Once you have mastered the concept of correct movement, you can practice without an instructor, but at the same time, you should be even more focused on your sensations.
Examine your post-workout state
To understand whether a sport, a particular instructor or training method is right for me, I always listen to how I feel after class.
Notice if there is any tension or pain in your body, and if you feel relaxed, warm, and content. Note your general condition: loss of strength or, conversely, a surge of energy?
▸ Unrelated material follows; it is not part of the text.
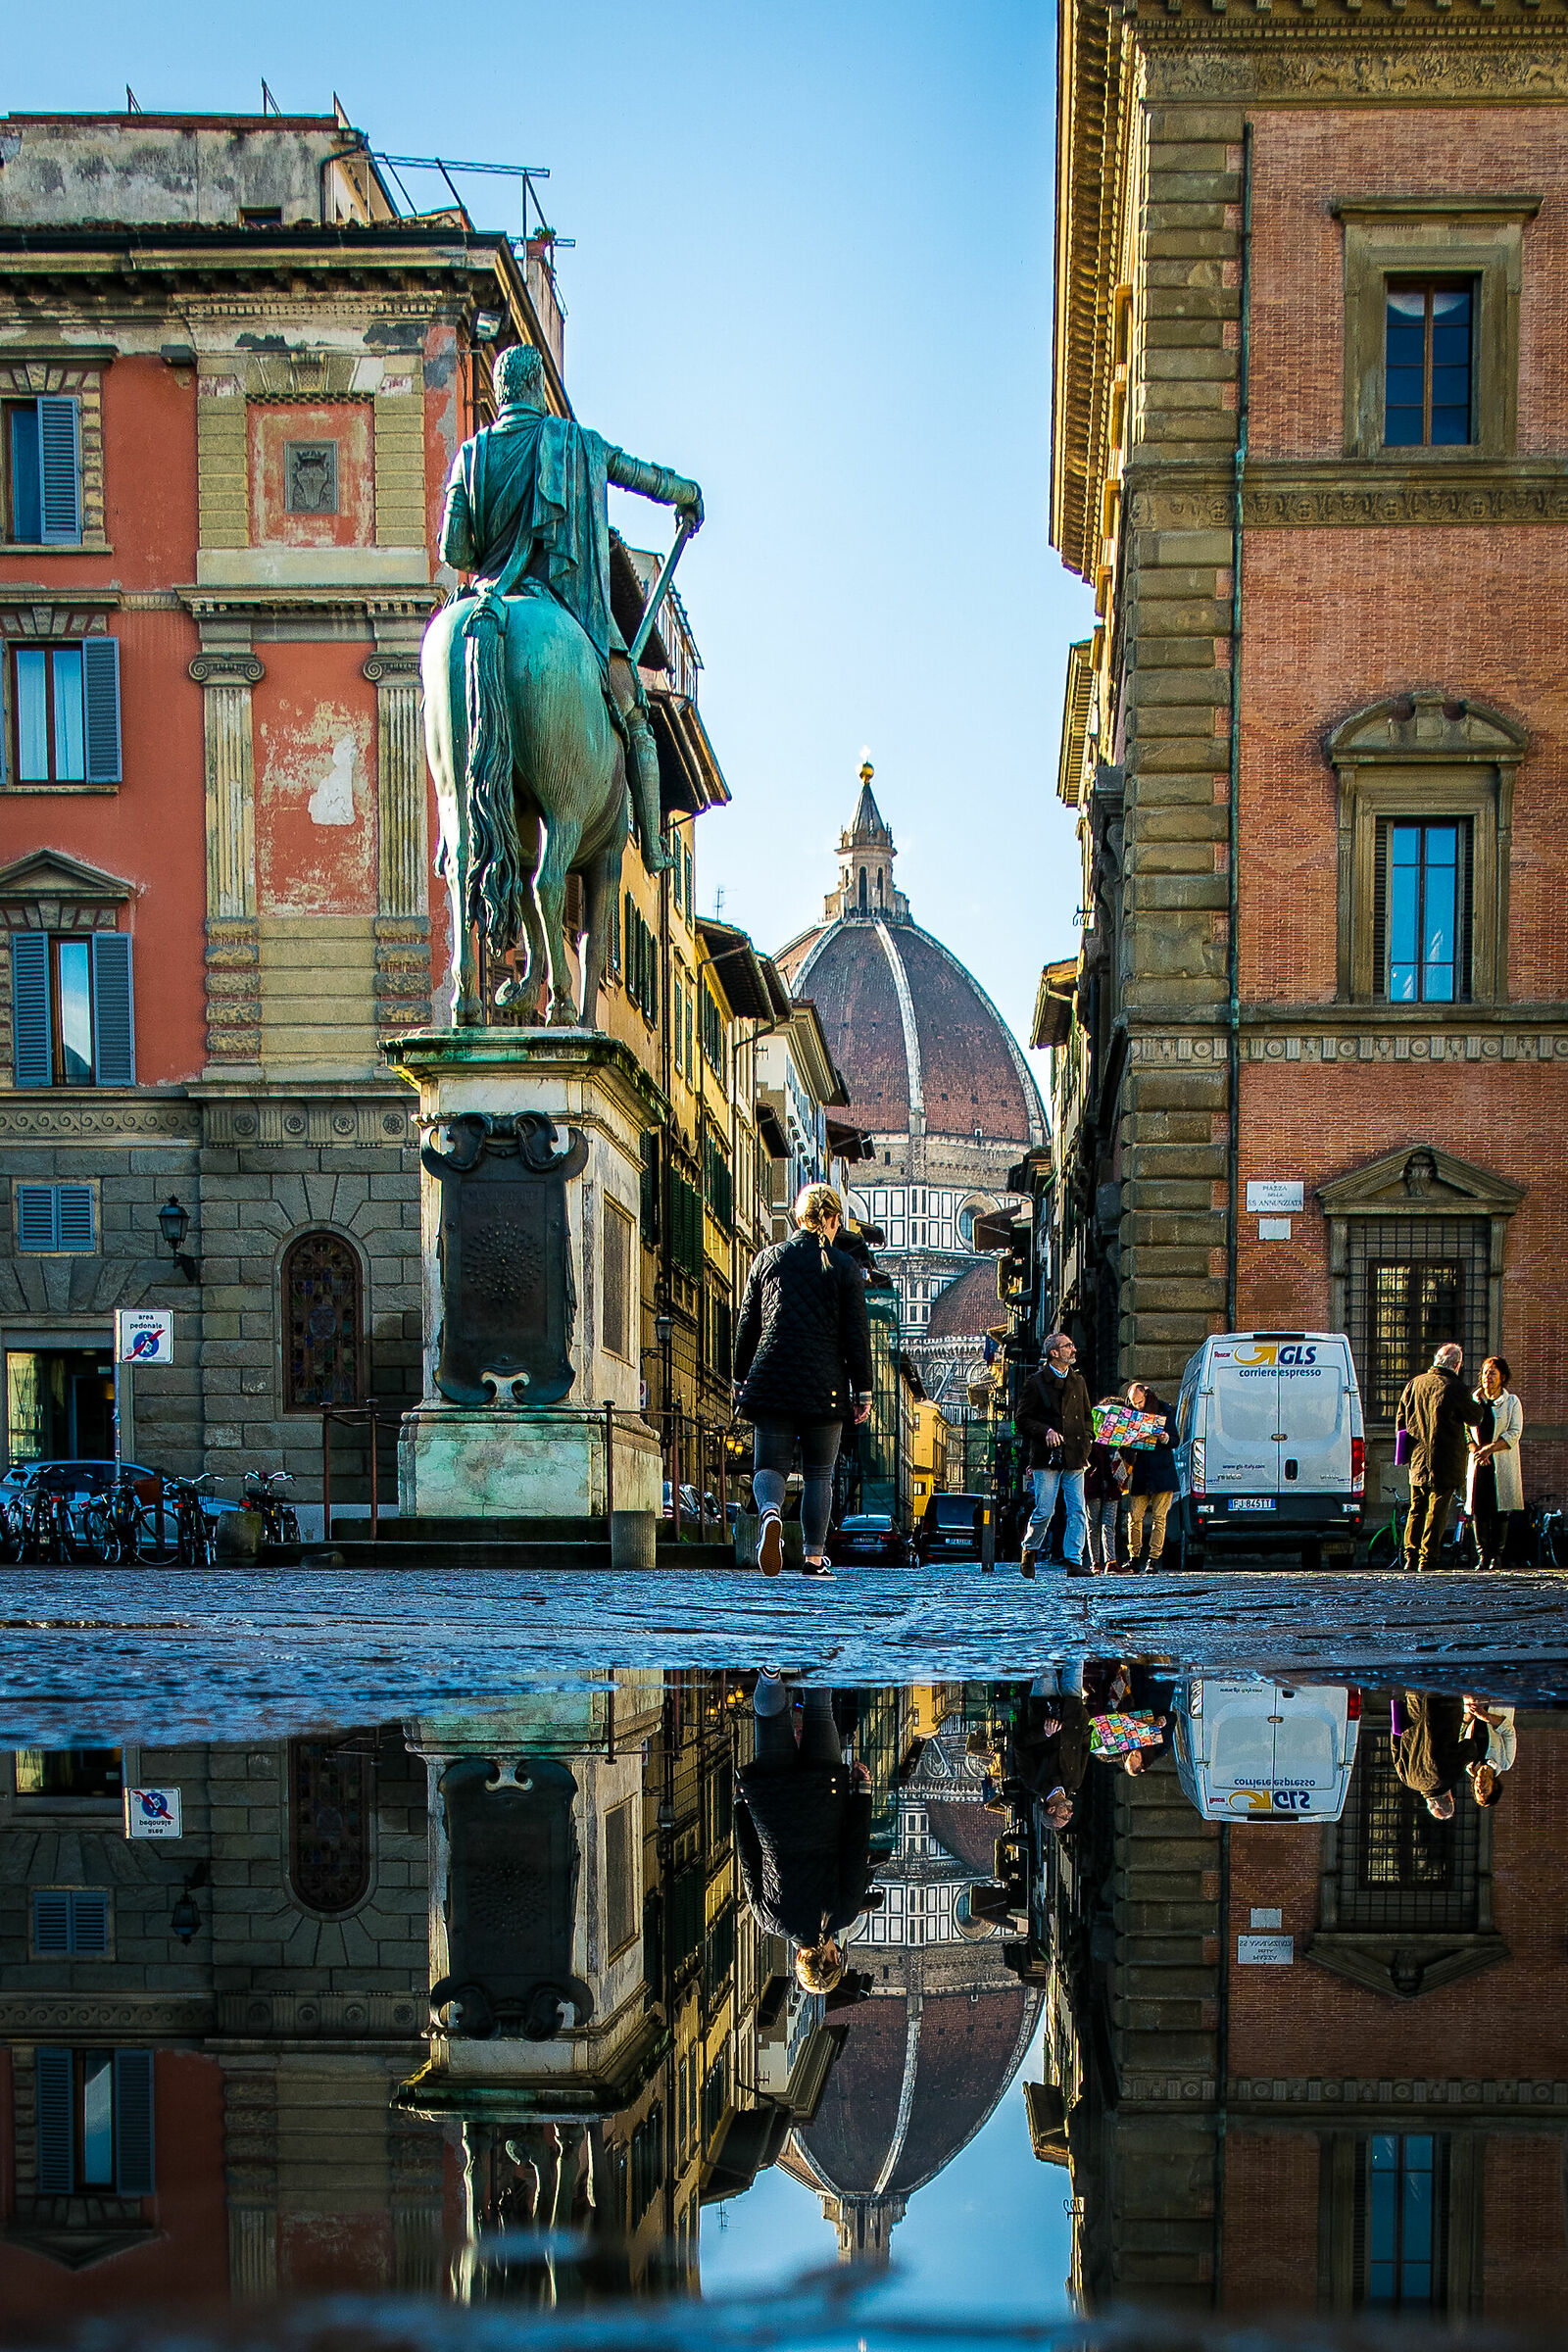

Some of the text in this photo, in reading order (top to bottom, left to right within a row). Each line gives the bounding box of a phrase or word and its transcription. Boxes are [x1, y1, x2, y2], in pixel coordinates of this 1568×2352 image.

[1279, 1345, 1317, 1365] GLS
[1239, 1367, 1322, 1379] corriere espresso
I believe that if the exercise is beneficial, it should feel good after the workout. If you feel your body light and fit, feel a surge of strength and vigor, then the lesson was not in vain.
Headstand
Salamba Sirsasana
Salamba Shirshasana is performed in hatha yoga, but requires the presence of an instructor . You can also master it on your own, but only after long training and after achieving a high level of physical fitness. To begin with, you should kneel and elbows, clasping the latter with your hands. Then release your hands and interlace your fingers. Place your head on the floor and straighten your legs at the knees, resting only on your toes and elbows. Stretching your tailbone up, you need to bring your feet closer to your head, pressing your hips to your stomach.
When this position becomes easy, you can move on to the next stage - lift your legs off the floor and press them bent to your body. The shoulders go as far away from the head as possible, and the main emphasis is on the elbows. Over time, this stage becomes more complicated - the legs can be straightened at the knees, pointing them upward. At first, it is enough to maintain this position for just a few breathing cycles. Over time, the headstand can be extended to 7-10 minutes. You can learn Salamba Shirshasana against a wall - this will greatly facilitate the process.
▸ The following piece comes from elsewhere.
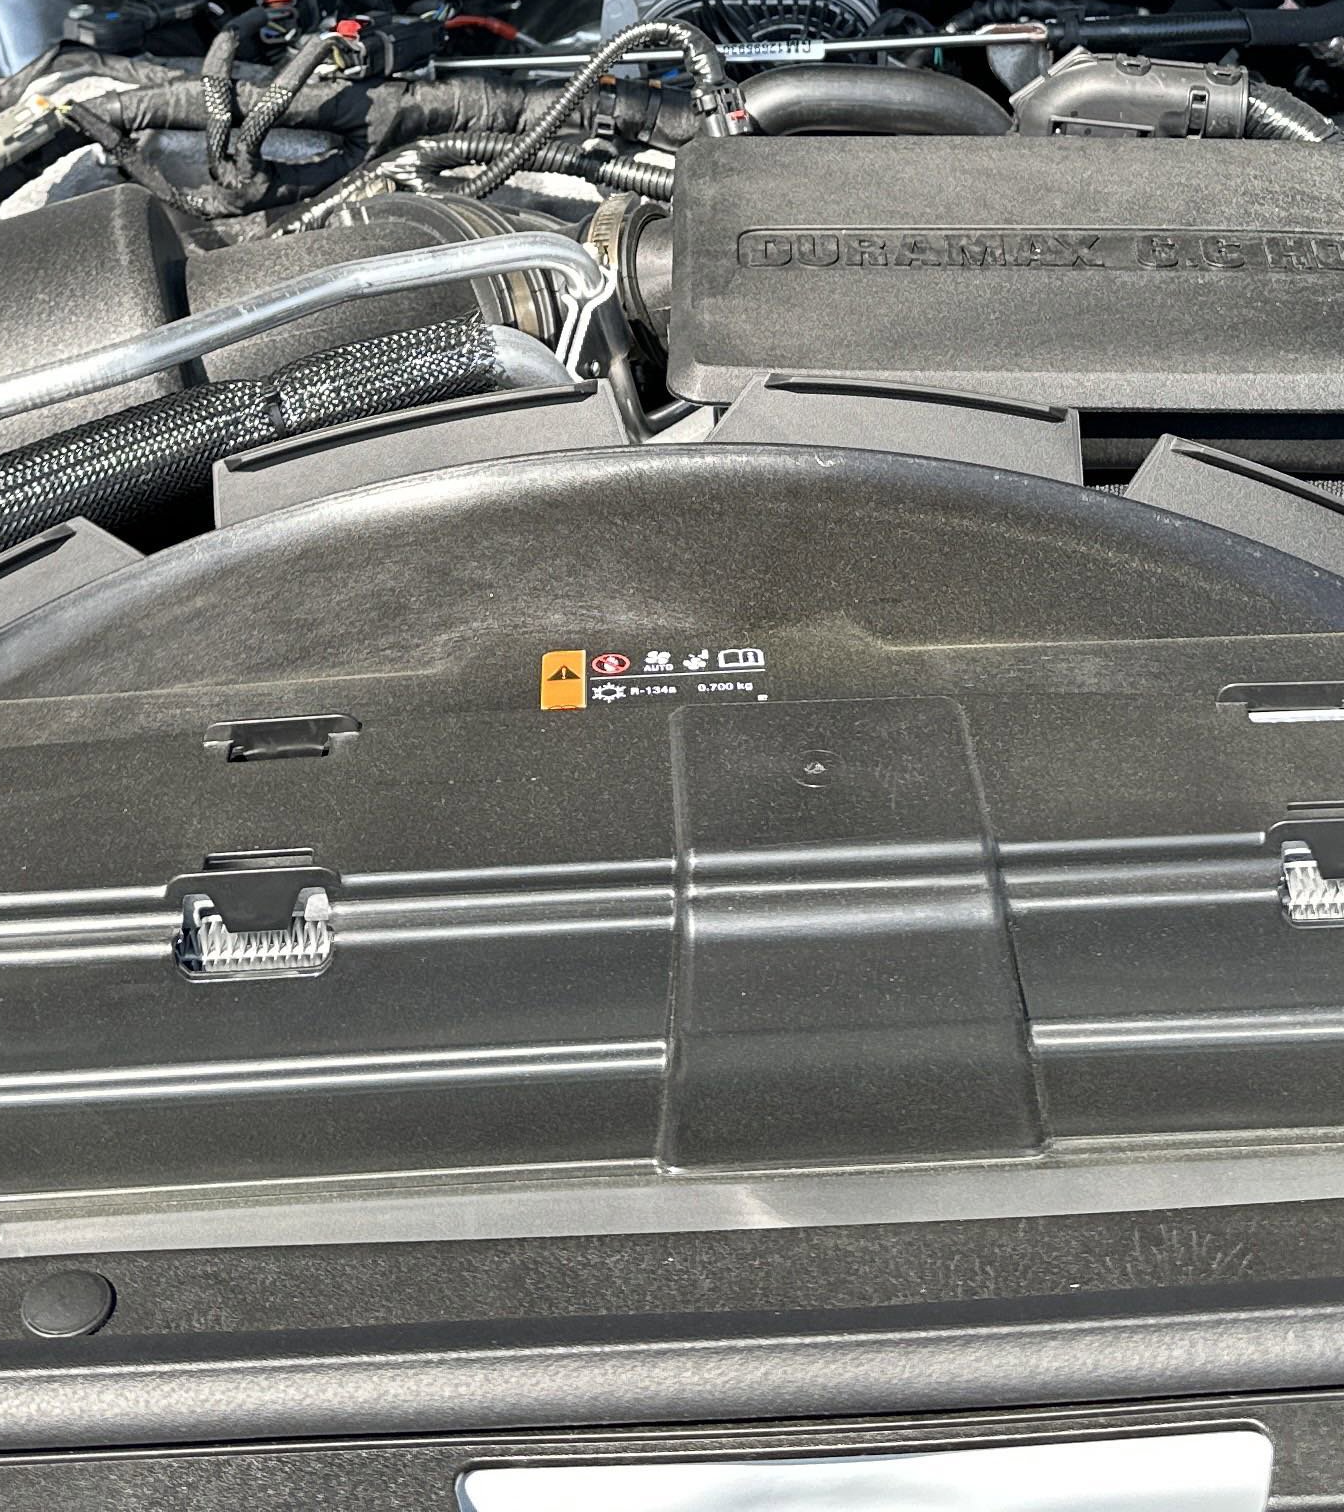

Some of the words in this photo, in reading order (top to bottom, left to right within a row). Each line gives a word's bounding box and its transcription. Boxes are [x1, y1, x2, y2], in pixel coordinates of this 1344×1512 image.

Sun Salutation – Moon Salutation
Surya Namaskar
Sun Salutation (Surya Namaskar) is a set of asanas that can be performed as a warm-up before class or morning exercises after waking up.
For lovers of evening hatha yoga, the asana complex Salutation to the Moon (Chandra Namaskar) is available, which should be performed in the evening or as a good warm-up.
You can learn more about both complexes in the next article.
Groups of asanas and their meaning
There are quite a lot of them. Only a few manage to study and master everything. It is better to choose the most optimal options and include suitable yoga poses in your complex.
When creating an individual complex, it is necessary to include various groups of asanas:
- standing;
- sitting;
- lying down;
- bridges;
- for balance.
But if fatigue is present, then the exercises must be stopped or replaced with an easier asana.
Normalization of breathing, restoration of muscle tone, improvement of all organs and systems - this is the main purpose of yoga.